In the 2010 television show Caprica, several main characters are portrayed as being in a polyfidelitous-style marriage consisting of multiple men and women, with each member being equal socially and legally. Such marriages co-exist along with monogamous marriages in the show's civilization. When asked about this aspect of the series, co-creator Ronald D. Moore said "In terms of polygamy, it's usually framed in a "Big Love" context – it's one man with many wives. I thought there was something even more intriguing about a true group marriage where all of the partners were married to one another. They have this much bigger definition of what a marriage was and I thought it was a fascinating cultural idea ...".

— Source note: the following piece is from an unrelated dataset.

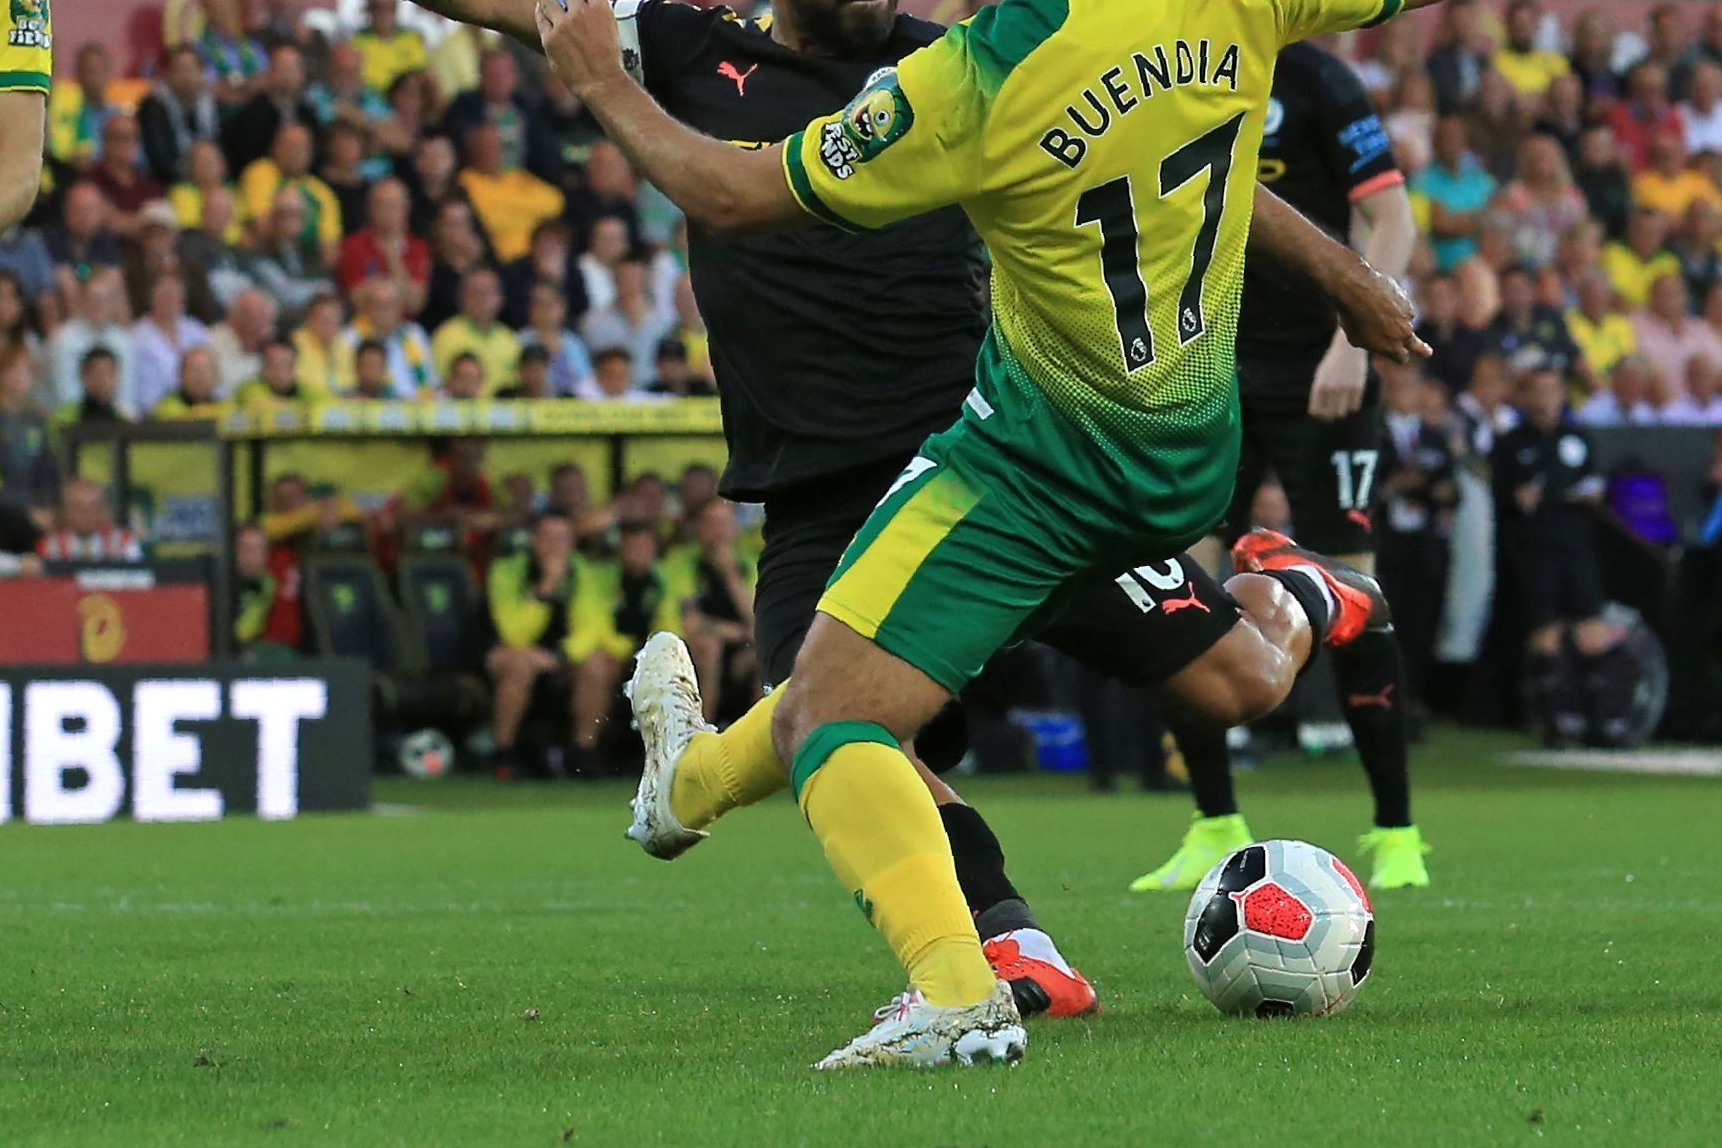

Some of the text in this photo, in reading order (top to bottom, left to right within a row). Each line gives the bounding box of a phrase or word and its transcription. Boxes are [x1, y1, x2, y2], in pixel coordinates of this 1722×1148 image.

[1037, 38, 1241, 170] BUENDIA
[1073, 109, 1247, 375] 17
[1330, 449, 1379, 510] 17

The fourth episode of the fourth season of the CBS television series, Elementary, an American procedural drama television series that presents a contemporary update of Sir Arthur Conan Doyle's character Sherlock Holmes, has a focus on group marriages. In the episode All My Exes Live in Essex, the victim of Sherlock Holmes's latest case was a participant in a group marriage with two men, and was once in another group marriage with five other people.

In the novel series The Expanse, by James S. A. Corey, which began in 2011, a number of different group marriages are portrayed, such as one with main protagonist James Holden's eight parents. Their marriage consists of one straight couple, one gay couple, and one polyamorous group of four. Their octet primarily exists to exploit a loophole in tax code allowing them to own twenty-two acres of farmland. Group marriages are also described as common on Mars and in the Asteroid Belt.

In the novel Europa Strike by Ian Douglas, one of the POV characters mentions a couple of non-traditional marriages, including three men, and one man with two women. These are off-handed mentions although they are an acknowledged part of the book's universe, with the existence of non-traditional marriage practices having been mentioned in earlier books of the Heritage Trilogy.

==See also==
- Cohabitation in the United States
- POSSLQ
- Proposition 31, a novel by Robert Rimmer
- Samenlevingscontract
- Types of marriages

==Bibliography==
- Constantine, Larry and Joan (1974). "Group Marriage: A Study of Contemporary Multilateral Marriage"
- Dillard, J.M. (1990). "The Lost Years"
- Emens, Elizabeth F. (2004). "Monogamy's Law: Compulsory Monogamy and Polyamorous Existence"
- Heinlein, Robert (1996). "The Moon Is a Harsh Mistress"
- Murdock, George P. (1949). "Social Structure"
- Murdock, George P. "Ethnographic Atlas Codebook", derived from Ethnographic Atlas
- Westermarck, Edward (1922). "The History of Human Marriage"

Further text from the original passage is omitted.